GRAPHIC BY NATALI E LUTZ | ORANGE MED I A NETWORK

SHS: Sexual health questions answered By SHS SEXUAL HEALTH TEAM The Birds and the Beavs is a weekly column answering your questions on the topics of sexual health, consent, and relationships, written by the Oregon State University Sexual Health Team. Q: Could I possibly be allergic to sperm? A: While it is possible to be allergic to sperm, it is extremely rare. What is much more common is an allergy to latex. Latex is commonly used to make condoms and other barriers, such as dental dams. You can purchase latex free condoms at most drug stores, and you can get them for free at one of OSU’s Safer Sex Spot locations. Just look for the yellow wrapper with the words “Natural Latex Free”. Try using latex free condoms first to see if this solves the issue, and if it persists, visit your healthcare provider or Student Health Services to discuss more options. Q: Are sex toys a good thing?
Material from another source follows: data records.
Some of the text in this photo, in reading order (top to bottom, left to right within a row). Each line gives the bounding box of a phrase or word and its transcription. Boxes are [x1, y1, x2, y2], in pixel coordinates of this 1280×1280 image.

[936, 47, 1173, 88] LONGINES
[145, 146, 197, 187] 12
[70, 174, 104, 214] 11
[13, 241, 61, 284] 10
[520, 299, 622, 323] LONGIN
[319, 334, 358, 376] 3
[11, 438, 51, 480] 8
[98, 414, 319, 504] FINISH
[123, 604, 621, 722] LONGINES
A: The choice to use sex toys or not is an individual one. Some people enjoy using them

solo or with a partner, and some people prefer not to use them. Whatever you choose, is completely normal and healthy. There is absolutely nothing wrong with the use of sex toys, and in fact, the use and popularity of them has risen dramatically in recent years, especially among younger populations. If you are going to use sex toys, here are a few things to remember: Always clean your sex toys in between use, or before using them on a second area of the body, or another person. It is important to use barriers, especially when sharing sex toys, or using them on an additional area of the body. Removing and applying new barriers in between each activity can help make clean up easier as well. When using lube with sex toys, make sure to never use silicone based lube on silicone toys. The silicone in the lube will bond to the silicone in the toy, and create a porous surface, which can harbour bacteria and can no longer be made sterile. Q: I’m a female identifying individual with

a vagina, and I cannot climax during penetration. Is there something wrong with me? A: No. There is absolutely nothing wrong with you. The majority of folks with vaginas will not climax from penetration alone. This is a common misconception, that is greatly reinforced by media and the porn industry. While some individuals can climax with penetration alone, many folks need to also have clitoral stimulation in order to climax. A recent study in the Journal of Sex and Marital Therapy reported that of 1000 women polled, only 18% said that penetration was enough for them to reach climax, while 9% reported never climaxing through sex, and 73% reported needing clitoral stimulation to climax during sex. Talk with your partner about what you need to have a pleasurable experience. Communication is key to a happy and satisfying sexual relationship. Try using positions that will stimulate the clitoris or positions where you or your partner can manually stimulate the clitoris. It might take a little while to find out what works for you, so don’t stress, and be open to trying out new or different things.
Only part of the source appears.